The overall technical workflow of LLM-based structured extraction is illustrated in Fig. 2. This “prompt–retrieve–constrain–adapt–optimize” (PRCAO) paradigm provides a structured approach to addressing key challenges of structuring clinical text at the generation level. As further synthesized in Table 1, sustained and robust operation in real-world clinical research settings additionally requires a multidimensional evaluation panel and lifecycle-level governance, including provenance tracking, version control, and compliance safeguards. Illustrative institutional workflow for clinical-research deployment (example). To operationalize the governance controls in Table 1, an institution can implement a gated “extract–validate–review–release” pathway. A data steward (or clinical informatics lead) maintains a versioned schema/prompt library and a frozen, auditable retrieval bundle; each run logs the model/prompt/schema/RAG versions, decoding settings, input identifiers, validation outcomes, and any human edits. The pipeline first enforces programmatic checks (schema validation, field completeness, range/logic rules) and then routes cases to human adjudication when triggers fire (e.g., validation failure, low confidence/abstention, out-of-domain flags, or drift alarms). A reviewer adjudicates with provenance highlighting and records corrections, which are stored as structured patches linked to the original evidence spans. Releases are promoted only after regression tests on a retained set and a canary period; any update to prompts/schemas/models/RAG assets requires change logs, differential evaluation, and the ability to replay and rollback to a previous pinned version. Privacy and compliance oversight (e.g., IRB/data-protection review, RBAC, secure enclaves, and audit trails) is enforced throughout as part of the total lifecycle.
Model Performance Evaluation and Assessment Framework
For structured extraction from clinical free text, point estimates of “accuracy” alone no longer capture real-world utility. Evaluation is shifting from single-number accuracy to a multidimensional composite: a panel that includes task accuracy, structured-output quality, human-in-the-loop (HITL) burden, stability/reliability, and regulatory compliance. In addition to this panel, cost-aware and selective prediction strategies dynamically allocate human review on the basis of predicted risk and uncertainty, and broader deployment considerations, such as fairness across patient subgroups and clinical services, should also be examined.
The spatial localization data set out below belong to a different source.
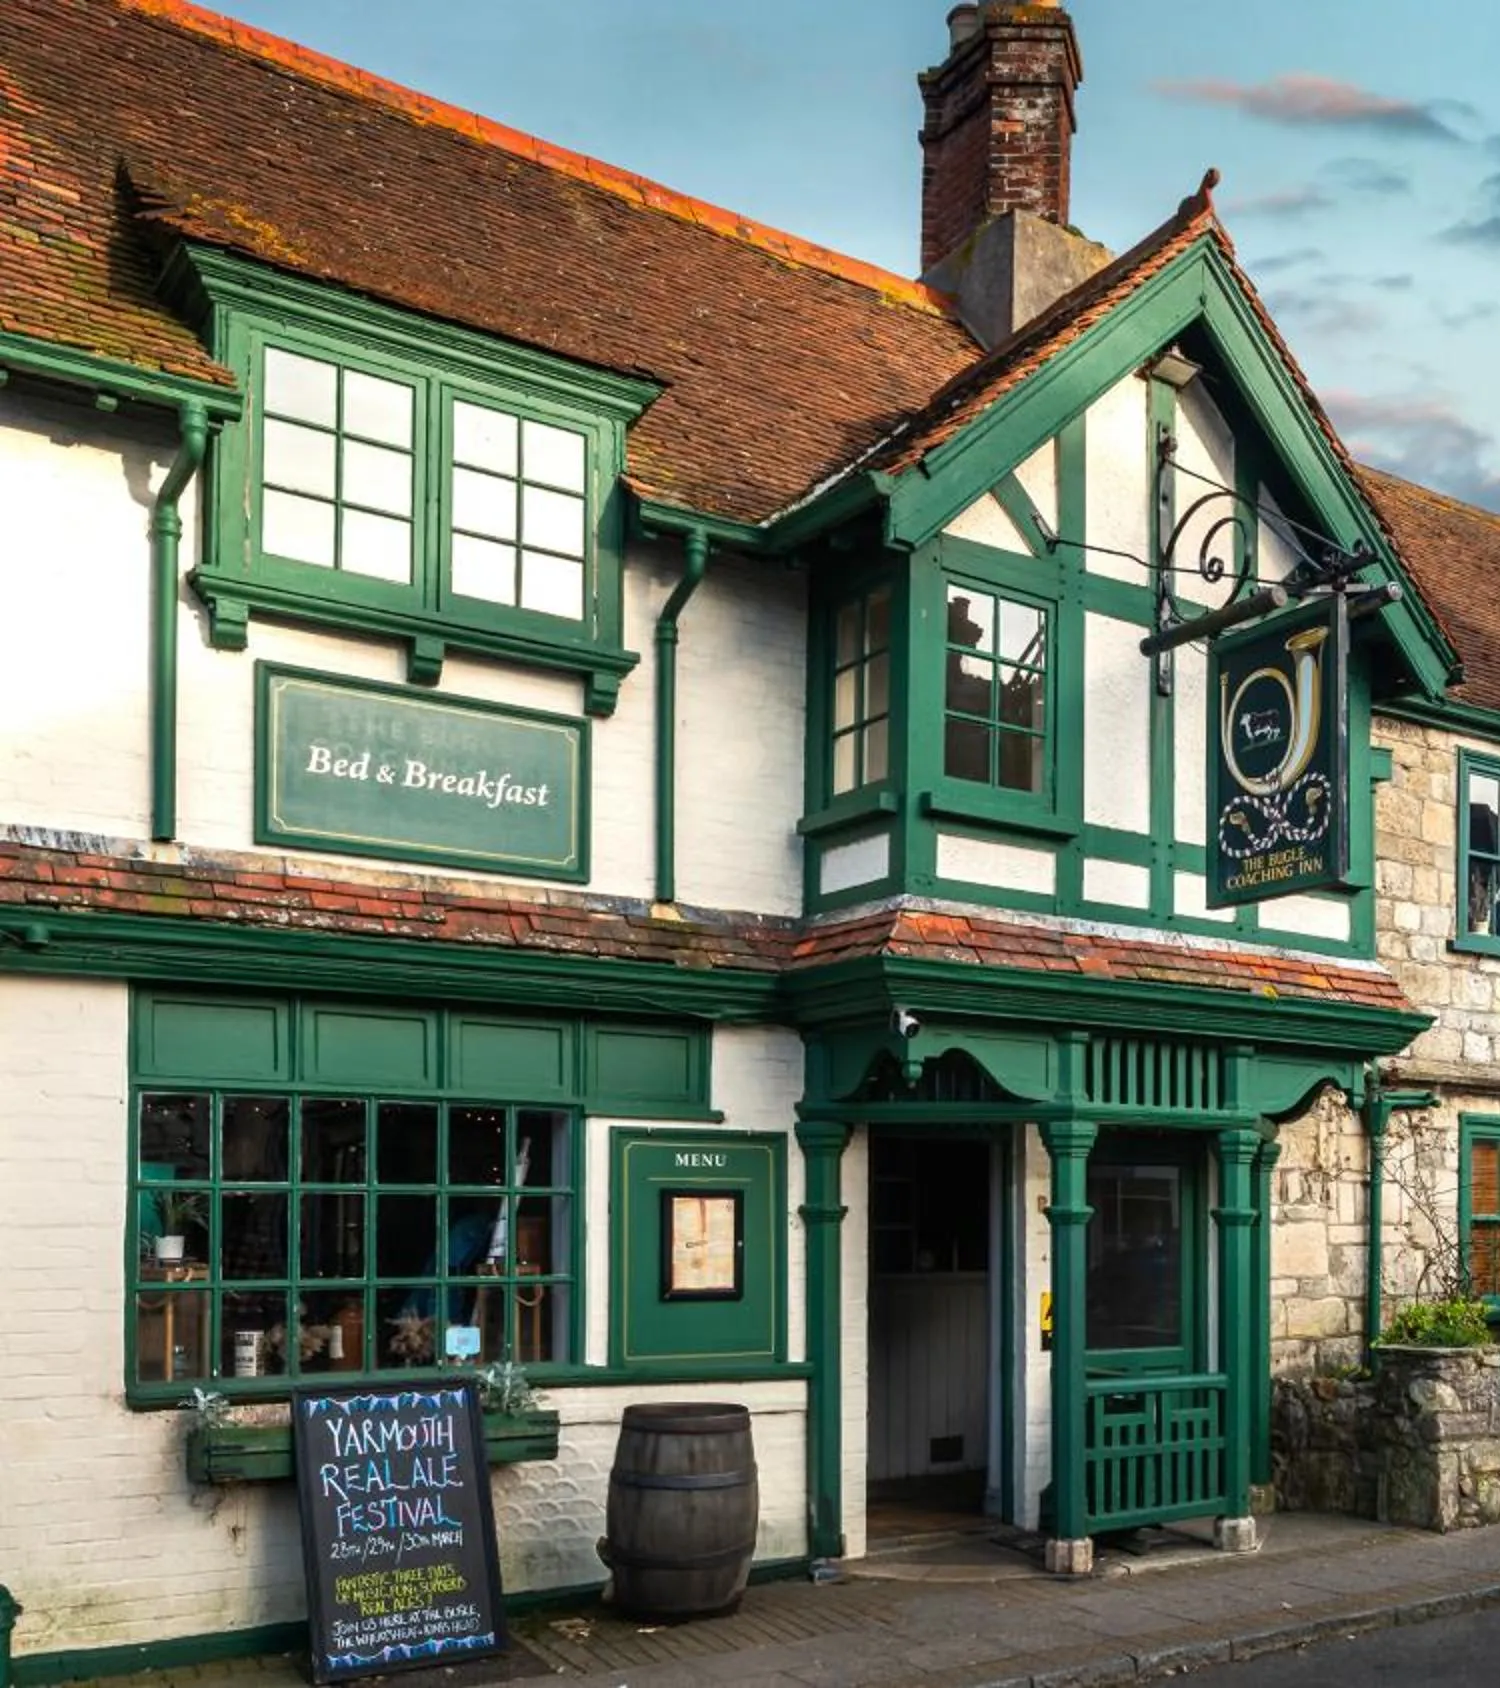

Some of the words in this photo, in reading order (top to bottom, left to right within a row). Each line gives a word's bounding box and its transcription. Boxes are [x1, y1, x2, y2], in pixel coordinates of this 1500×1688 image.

[306, 745, 370, 781] Bed
[376, 764, 396, 785] &
[402, 760, 549, 809] Breakfast
[1226, 863, 1293, 890] COACHING
[1299, 856, 1323, 874] INN
[1243, 855, 1264, 872] THE
[1269, 846, 1305, 869] BUGLE
[675, 1152, 727, 1168] MENU
[326, 1415, 454, 1458] YARMOUTH
[319, 1458, 410, 1500] REAL
[412, 1454, 464, 1489] ALE
[336, 1494, 463, 1538] FESTIVAL
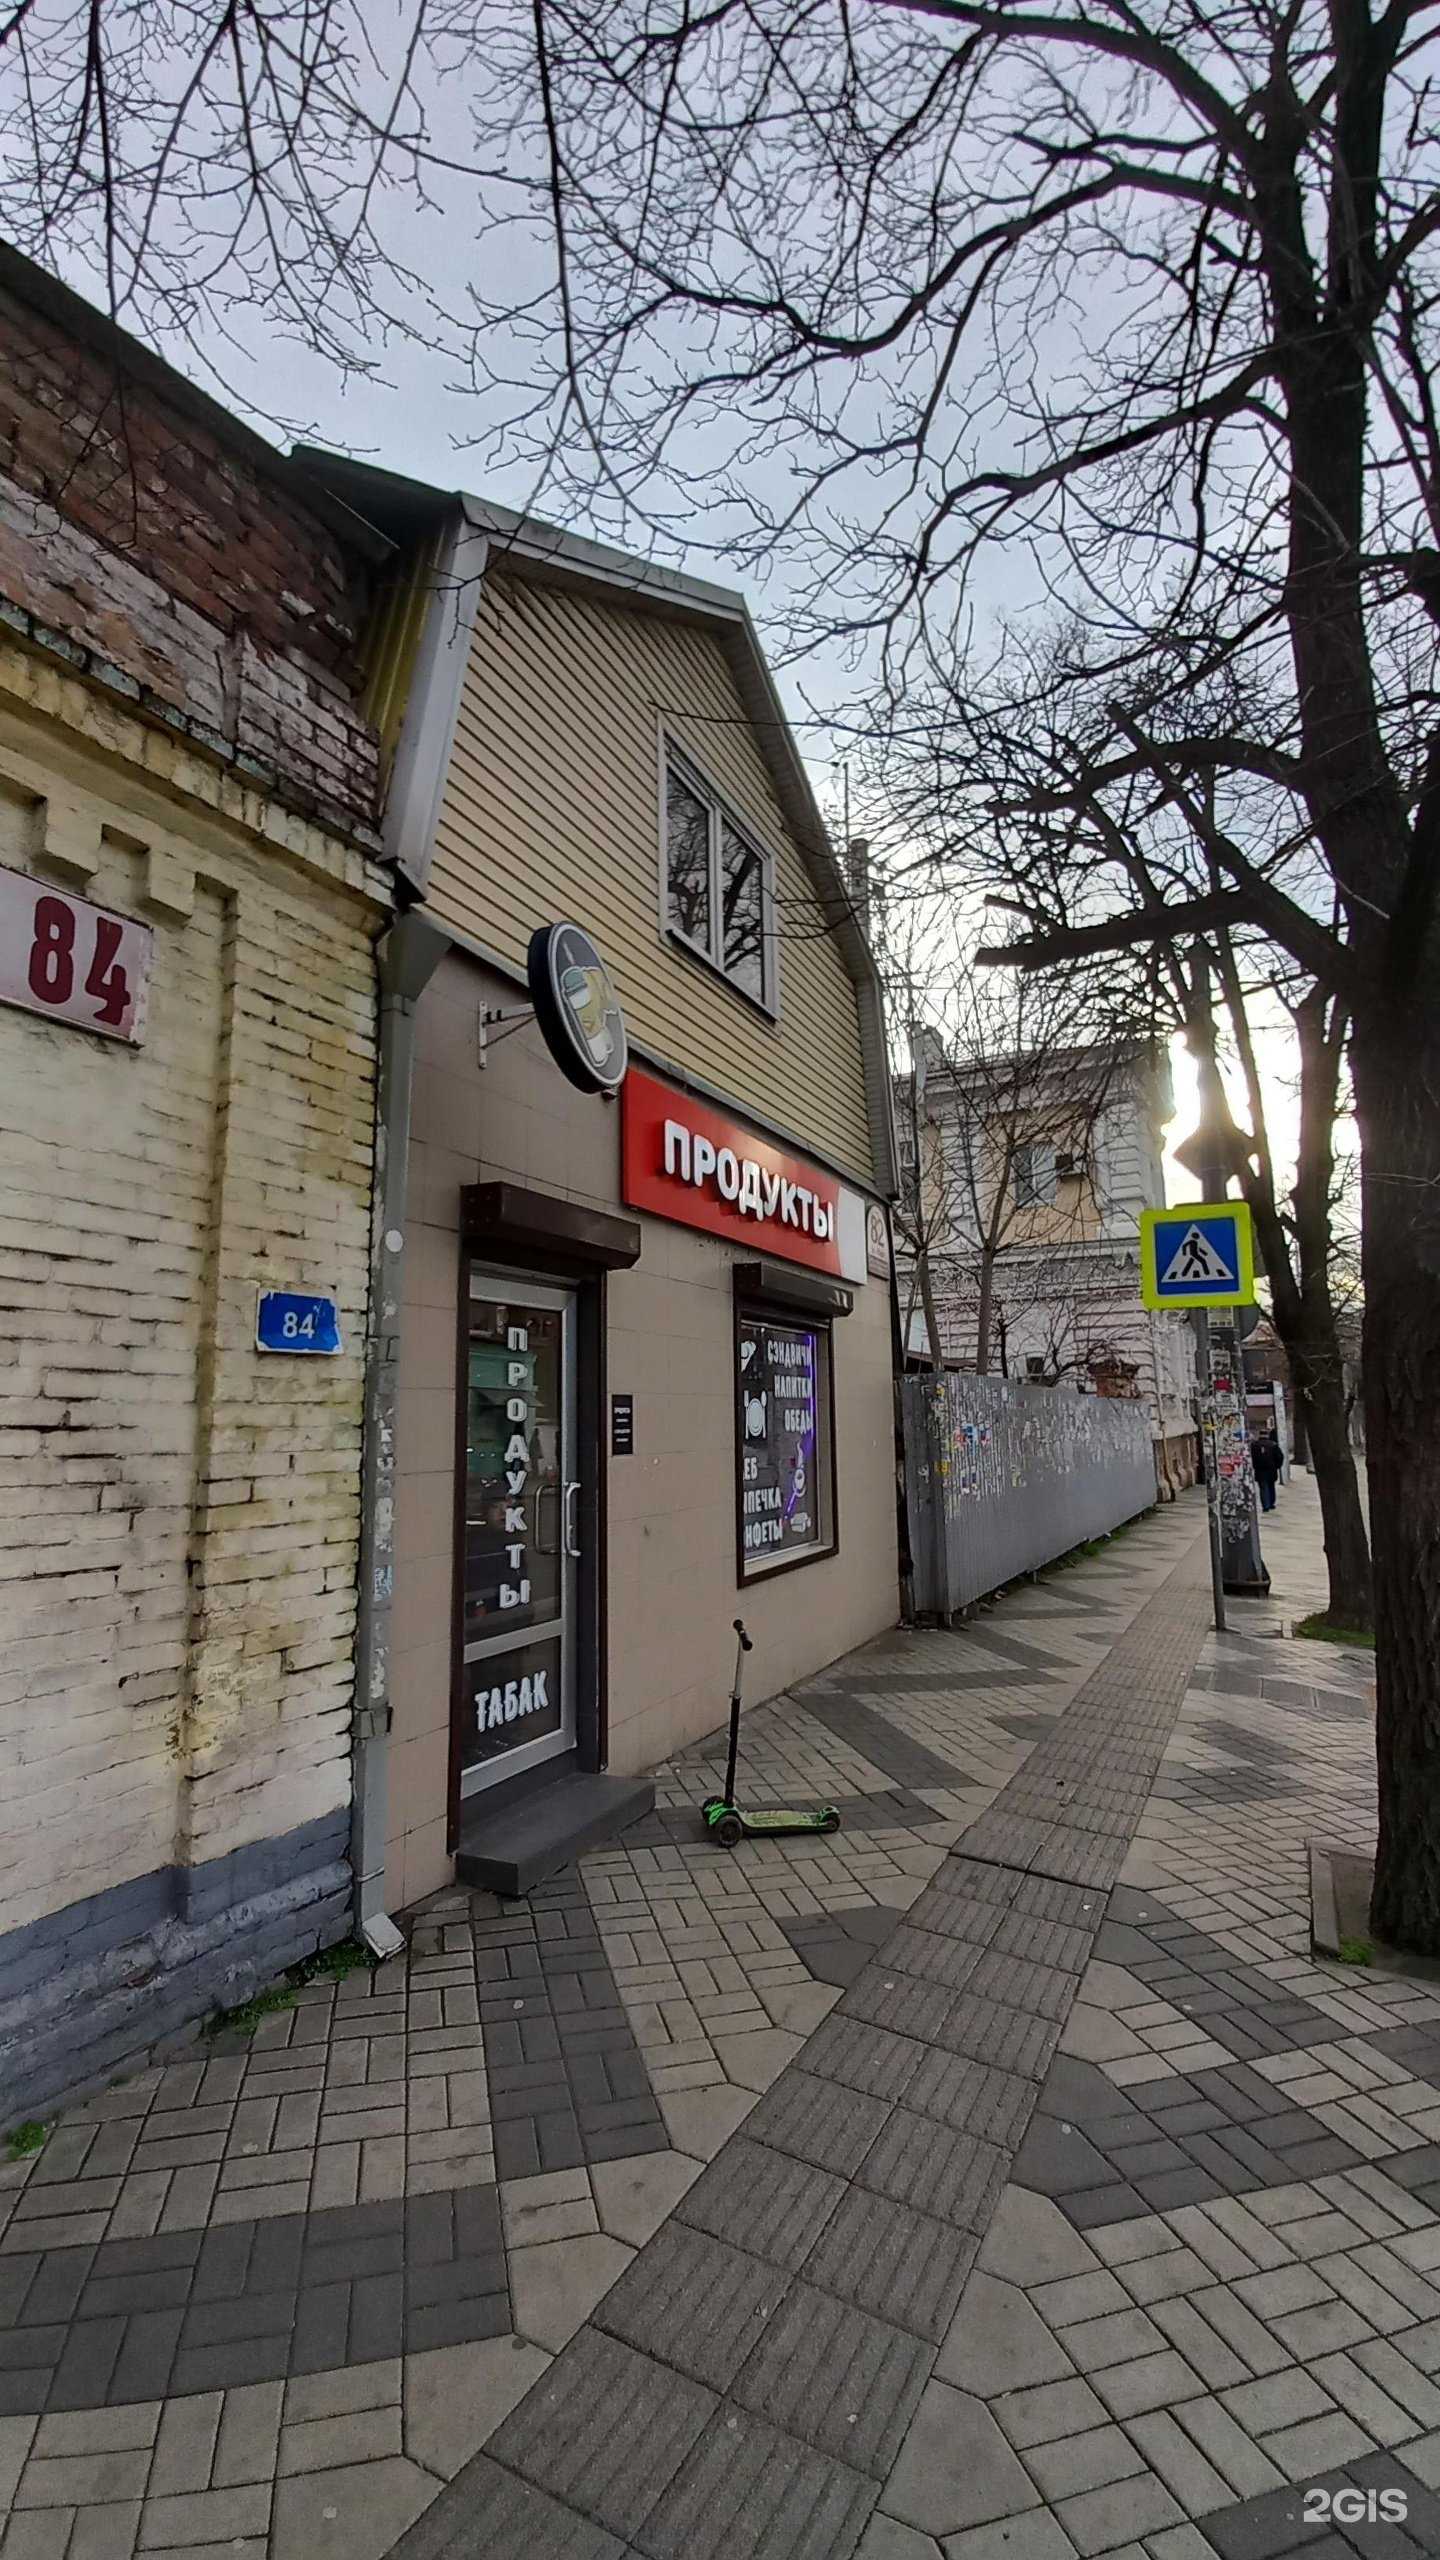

Together, these elements constitute an integrated quantitative framework for clinical-grade deployment and lifecycle maintenance. [34, 35]
Performance
Named entity recognition and relation/event extraction are typically evaluated using precision, recall, and F1 score, with explicit reporting of matching criteria (strict/exact vs. lenient/partial) and the level of aggregation (span level vs. document level). [36–40] For multiclass settings, we recommend reporting both macro- and microaveraged metrics, along with a subtask-level breakdown for entities, relations, and events. [41, 42] For the extraction-plus-normalization pipeline, complementary metrics such as exact match (EM) or code-level accuracy should also be reported.
Structured Output Quality
To gauge the real-world viability of “generation-as-structured output,” we recommend reporting the following metrics: the parsing success rate (PSR), namely, whether the output passes JSON schema or function-signature validation; the field completeness rate (FCR), which is the proportion of required fields that are nonempty and valid; the semantic consistency, which represents the agreement between structured values and the source span/evidence (via manual adjudication or explainable alignment scores); and the normalization accuracy, which represents the correctness of terminology/code mappings and the success rate of disambiguation. [43] These metrics are key determinants of whether outputs can persist in databases, backfilled, and ingested into electronic data capture (EDC) systems and case report forms (CRFs) and should be reported alongside conventional accuracy measures. [38, 44–48]
Practical Utility and Cost
To quantify human–machine collaboration costs, we recommend reporting the manual review time (minutes per document), clinician acceptance rate, and rework rate. Performance and resource utilization should be summarized as inference latency (p50/p95), throughput (documents per minute), and compute/token cost (e.g., GPU hours per document or currency per 1,000 tokens). Collectively, these measures provide practical indicators of operational feasibility for in-hospital deployment and should be monitored longitudinally across model iterations. [34, 48–50]
Stability and Reliability
Run-to-run consistency—e.g., Jaccard or agreement scores that are obtained by repeatedly processing the same input—and sensitivity to version drift are evaluated by quantifying differences before and after prompt or schema changes. Confidence and the abstention policy are calibrated using coverage–accuracy curves, the expected calibration error (ECE), and the Brier score so that uncertain cases are automatically routed to human review or safely declined. [32, 34, 48, 49, 51]
Evaluation and Reporting Standards
To ensure comparability and traceability, reports should include both internal (in-distribution) and external (out-of-distribution) validation and disclose interannotator agreement (e.g., Cohen’s κ). Data partitioning and leakage safeguards must be specified (e.g., no patient or encounter appears across splits). Key metrics should be accompanied by confidence intervals (e.g., bootstrap 95% CIs) and stratified error analyses—such as buckets for negation, uncertainty, temporality, abbreviations, and other challenging cases. Decoding strategies and random seeds should be fixed and documented to ensure reproducibility of reported metrics. [32, 48, 52–54]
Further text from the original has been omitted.